The pandemic led many older drivers into early retirement. But it isn’t the only reason the industry is suffering.
Palmer said it all drills down to the wide array of options available for drivers with specialty licenses like CDLs, including freight and increasingly lucrative alternatives like Amazon, Uber, and other companies. In Durham specifically, the area is home to several major universities that can act as competition in the job market – like Duke University and the University of North Carolina at Chapel Hill. Often, these options pay higher wages than school districts or bus contractors can.
But what they don’t have, Palmer explained, is the same sense of purpose.
“When you do this work, you’re the first person that child sees in a day. You are the front door to the school system. And we’re hearing from our drivers that that really matters to them,” Palmer said.
Brooks echoed this sentiment. He said he hopes drivers will see the value in working for TSC, leading them to continue their employment with the district.
Attracting the Right Drivers
In the increasingly competitive job market for CDL drivers, districts and contractors are not only using that sense of purpose the drivers feel as a way to attract new employees; they are also offering incentives they hope will make them stand out.
TSC made several changes, including increasing its starting pay by over a dollar per hour. The district also restructured its driver pay scale to offer a pay increase for every year of service up to 10 years. TSC also offers a matching 403B contribution up to 3% for employees who drive 35 hours or more per week.
Palmer says DPS offers the highest pay for school bus drivers in North Carolina. The district is also working to make changes to ease drivers’ shifts. The transportation department is in the process of onboarding a school bus technology platform that could reduce some of the stress drivers experience and improve the safety of driving school buses.
The district also has a recruitment and retention program and works alongside drivers who are interested in receiving additional professional development training, as well as drivers who want to move up to management positions.

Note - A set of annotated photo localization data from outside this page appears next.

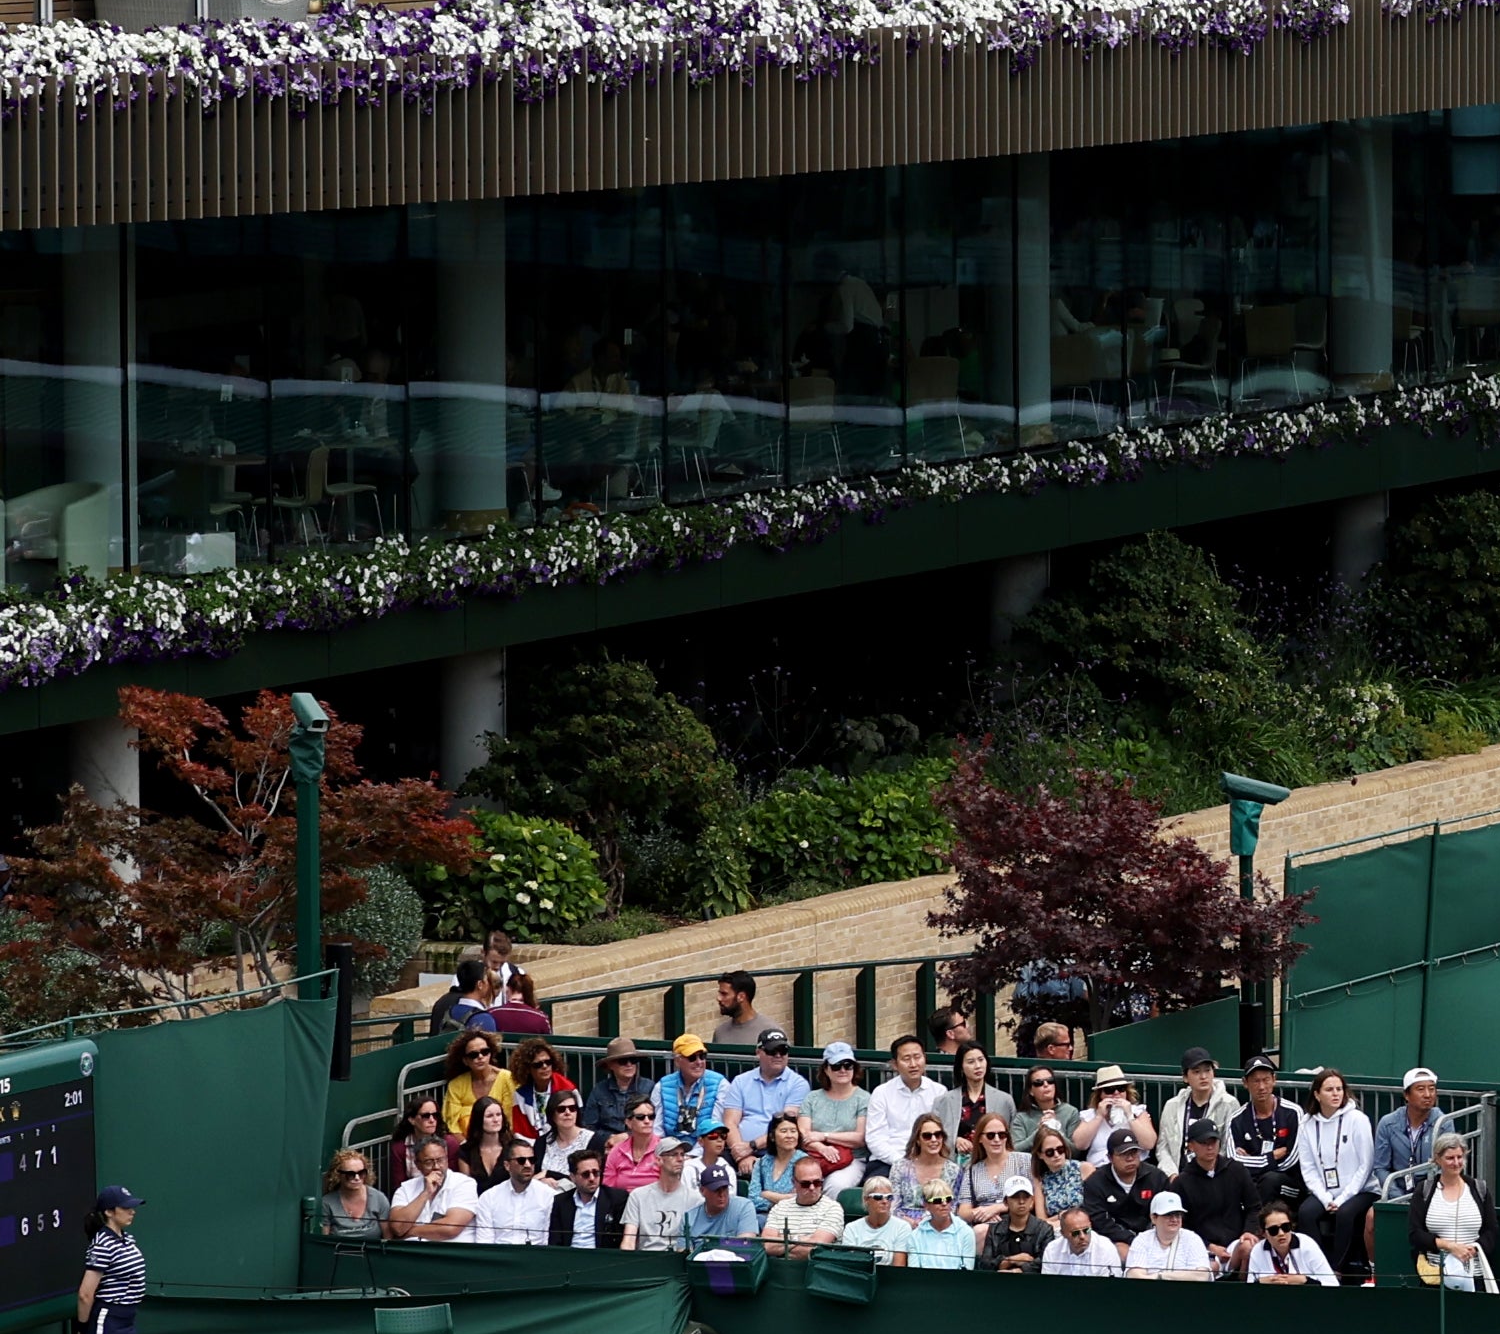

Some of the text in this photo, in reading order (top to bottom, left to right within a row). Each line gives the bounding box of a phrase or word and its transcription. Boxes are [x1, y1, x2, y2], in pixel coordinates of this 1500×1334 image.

[64, 1090, 83, 1108] 2:01
[19, 1146, 57, 1172] 4 7 1
[21, 1209, 60, 1236] 6 5 3
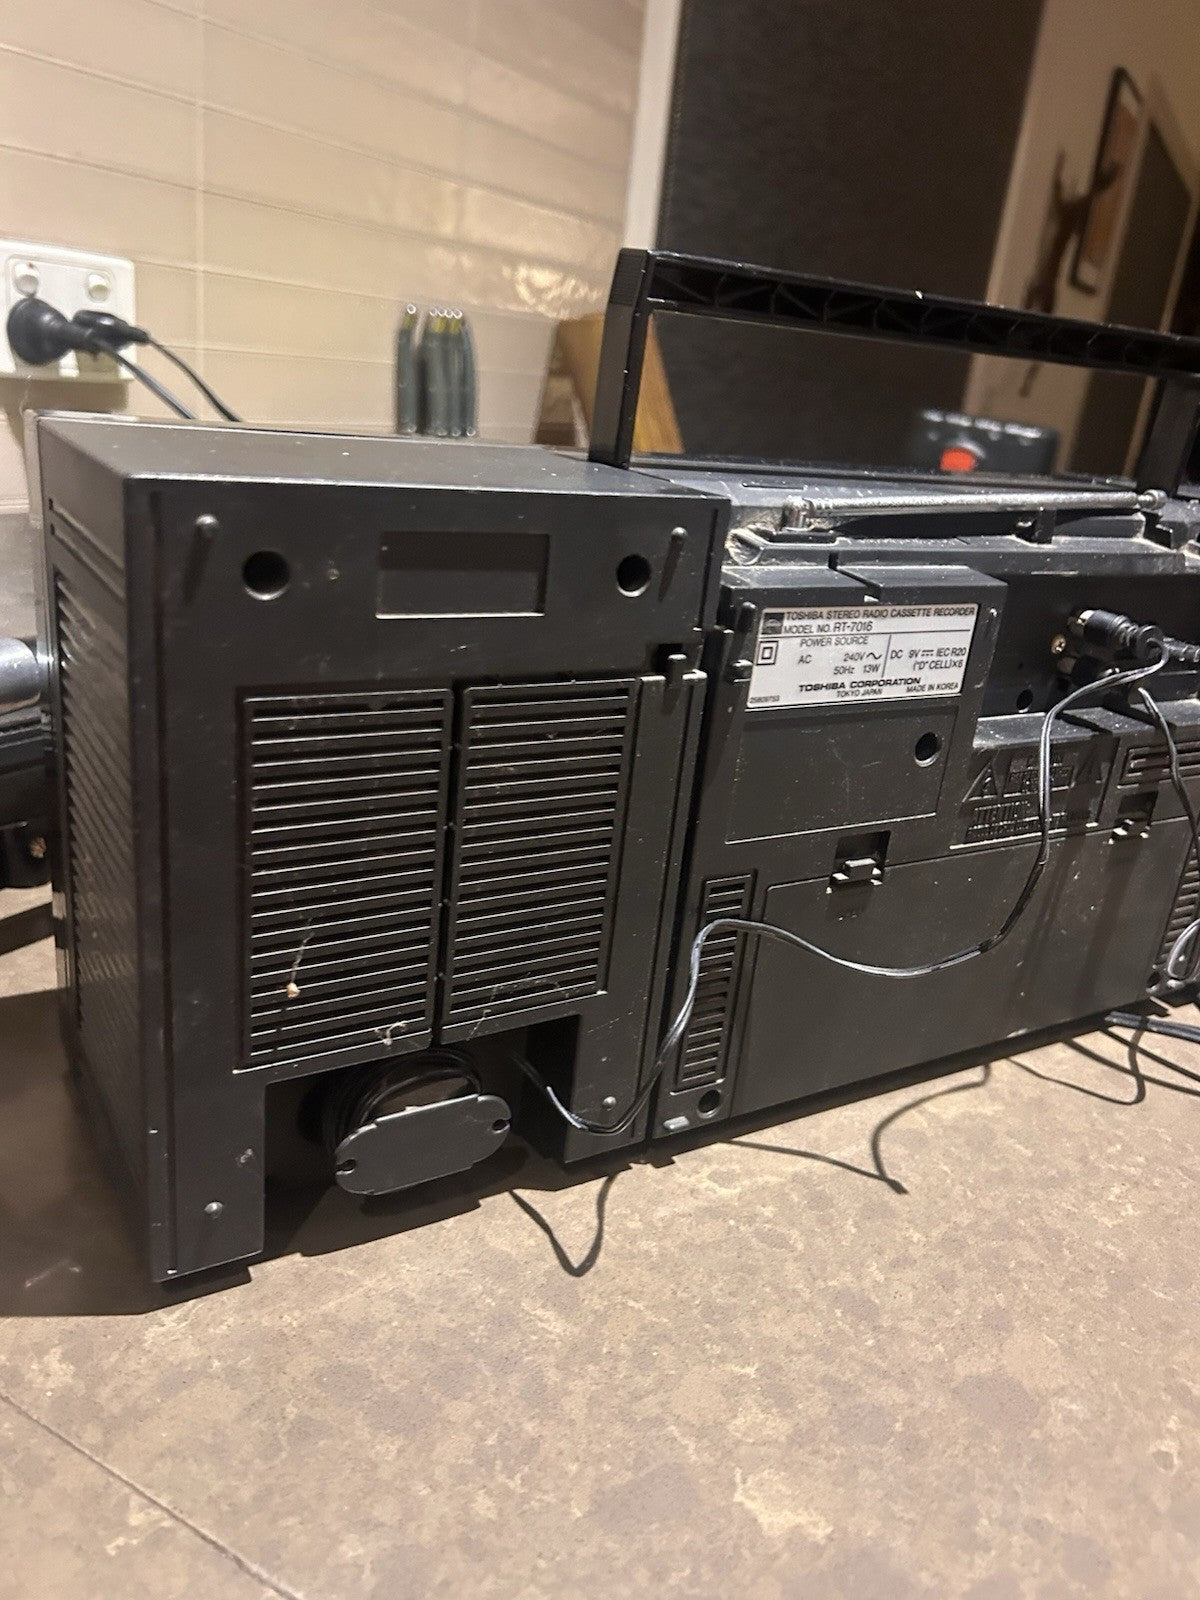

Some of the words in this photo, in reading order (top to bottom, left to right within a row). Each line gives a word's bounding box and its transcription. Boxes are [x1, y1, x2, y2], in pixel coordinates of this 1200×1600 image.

[786, 611, 823, 620] TOSHIBA
[826, 610, 860, 619] STEREO
[863, 609, 889, 619] RADIO
[890, 607, 931, 617] CASSETTE
[933, 607, 975, 617] RECORDER
[784, 624, 814, 634] MODEL
[833, 621, 873, 633] RT-7016
[800, 637, 832, 647] POWER
[834, 636, 868, 646] SOURCE
[798, 654, 812, 664] AC
[890, 649, 903, 659] DC
[936, 648, 950, 657] IEC
[951, 647, 967, 656] R20
[833, 665, 855, 675] 50Hz
[863, 663, 881, 673] 13W
[799, 681, 846, 692] TOSHIBA
[849, 677, 921, 688] CORPORATION
[906, 683, 926, 693] MADE
[927, 683, 935, 691] IN
[936, 682, 958, 691] KOREA
[837, 689, 860, 698] TOKYO
[861, 688, 883, 696] JAPAN
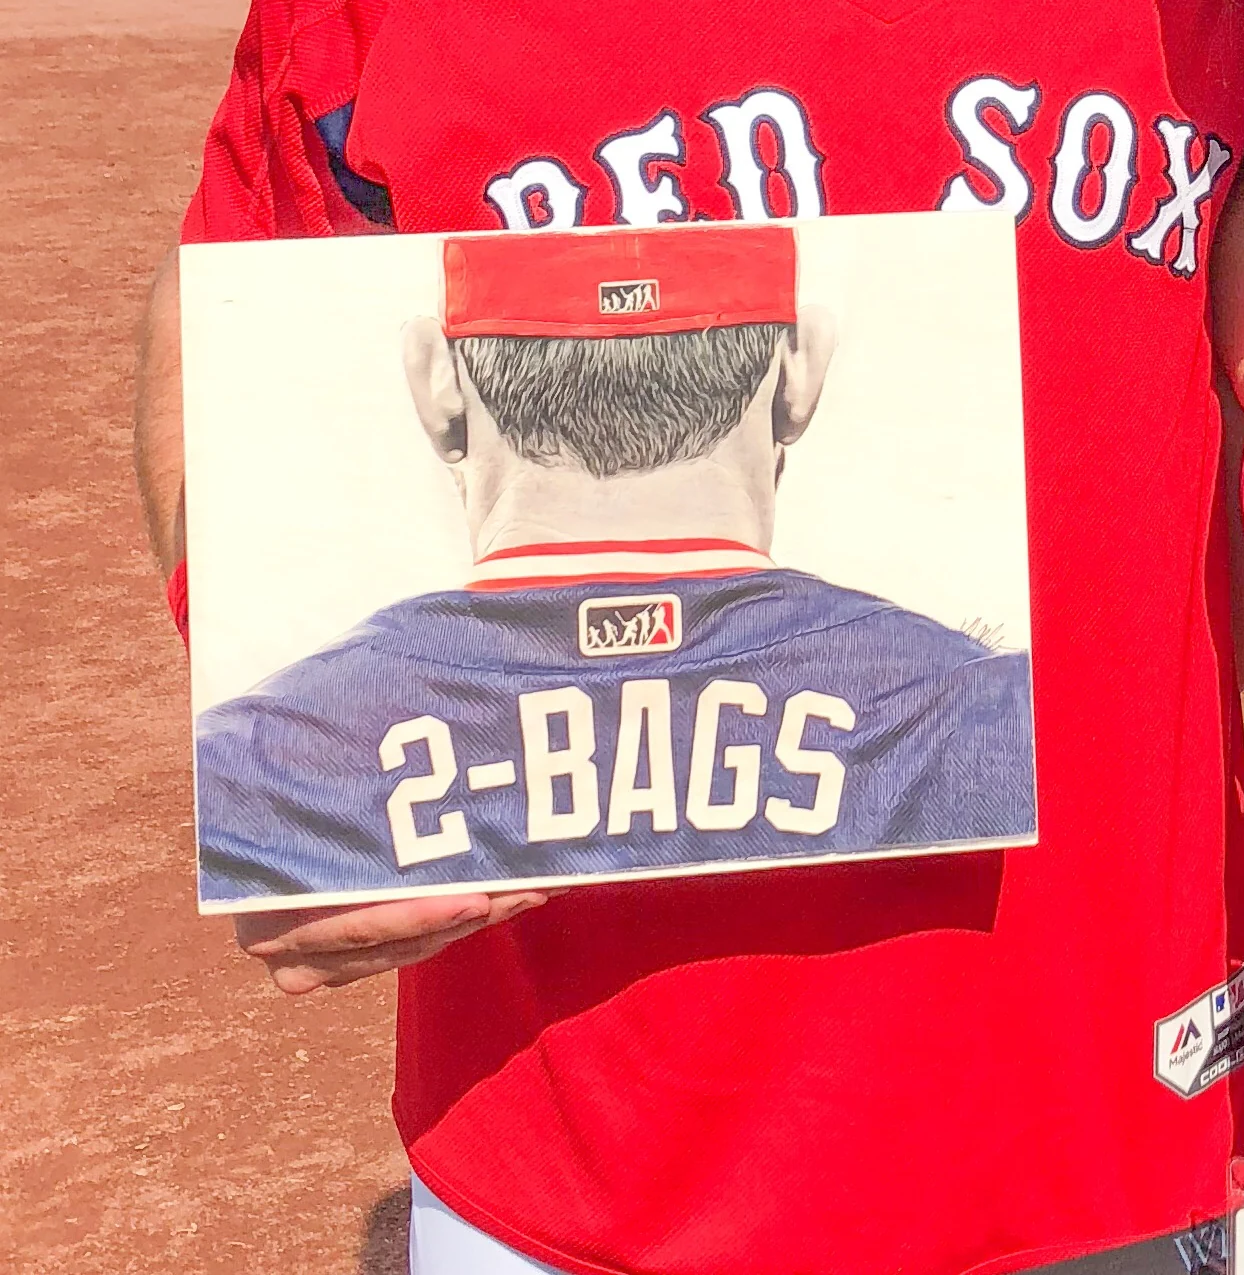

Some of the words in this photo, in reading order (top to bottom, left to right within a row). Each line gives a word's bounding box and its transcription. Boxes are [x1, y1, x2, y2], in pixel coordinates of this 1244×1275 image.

[940, 74, 1234, 280] SOX
[377, 677, 858, 868] 2-BAGS
[1168, 1038, 1204, 1070] Majestic
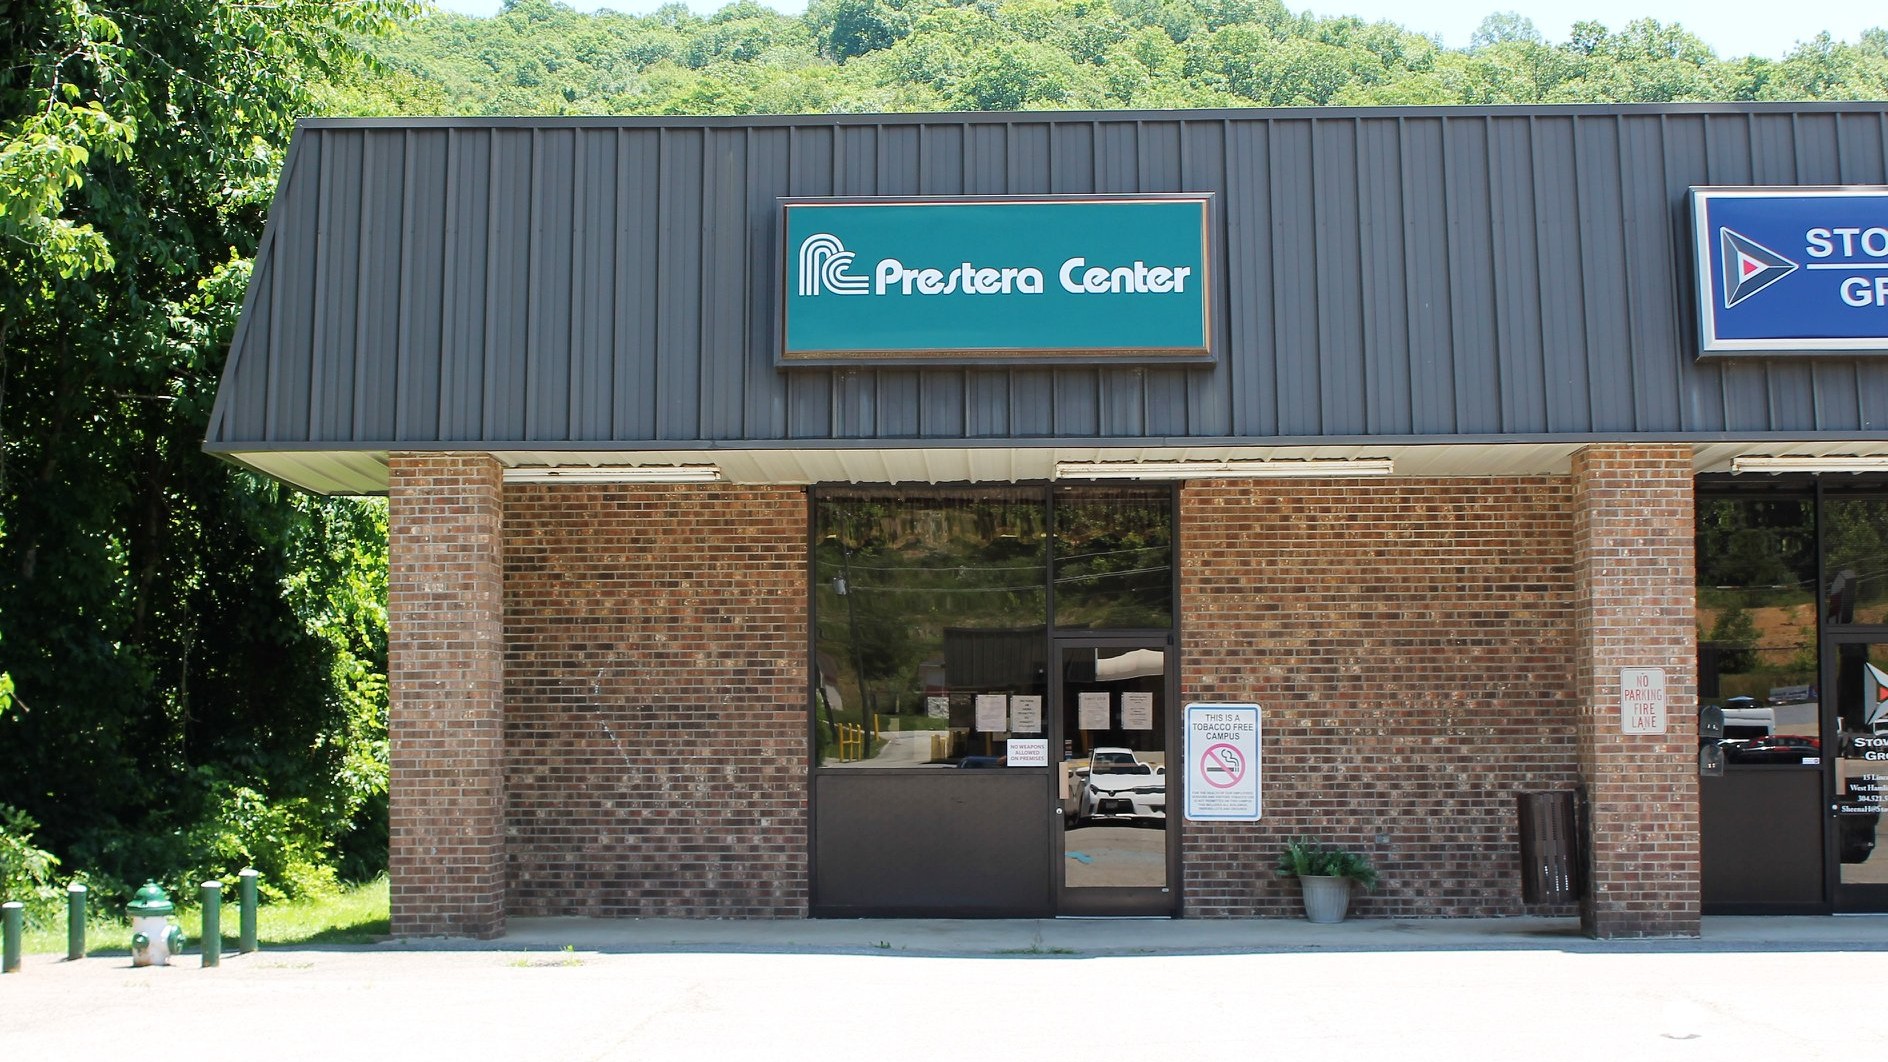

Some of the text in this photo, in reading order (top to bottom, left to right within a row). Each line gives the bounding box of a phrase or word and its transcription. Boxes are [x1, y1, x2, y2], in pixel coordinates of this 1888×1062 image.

[875, 256, 1191, 296] Prestera Center
[1636, 675, 1649, 687] NO
[1624, 689, 1663, 701] PARKING
[1634, 703, 1656, 715] FIRE
[1205, 714, 1223, 722] THIS
[1225, 714, 1233, 722] IS
[1632, 716, 1657, 728] LANE
[1192, 723, 1254, 731] TOBACCO FREE
[1205, 732, 1240, 740] CAMPUS
[1865, 750, 1888, 760] GR

Advice for Other Districts
Palmer says it’s crucial to build consensus around the need for solving the problems your district is facing. A good way to do that, he explains, is to lead with data. When his department was proposing bell changes to the board of education, they prepared a presentation providing data that backed up their claims about the positive impacts of the bell time changes.
“We were able to work with our academic services department to say, ‘there’s all these surface level benefits, and we’re dealing with a bus driver shortage. But it’s best for the kids.’ When you do that, there’s really not any rock you can hide behind when you say no [to that],” Palmer said.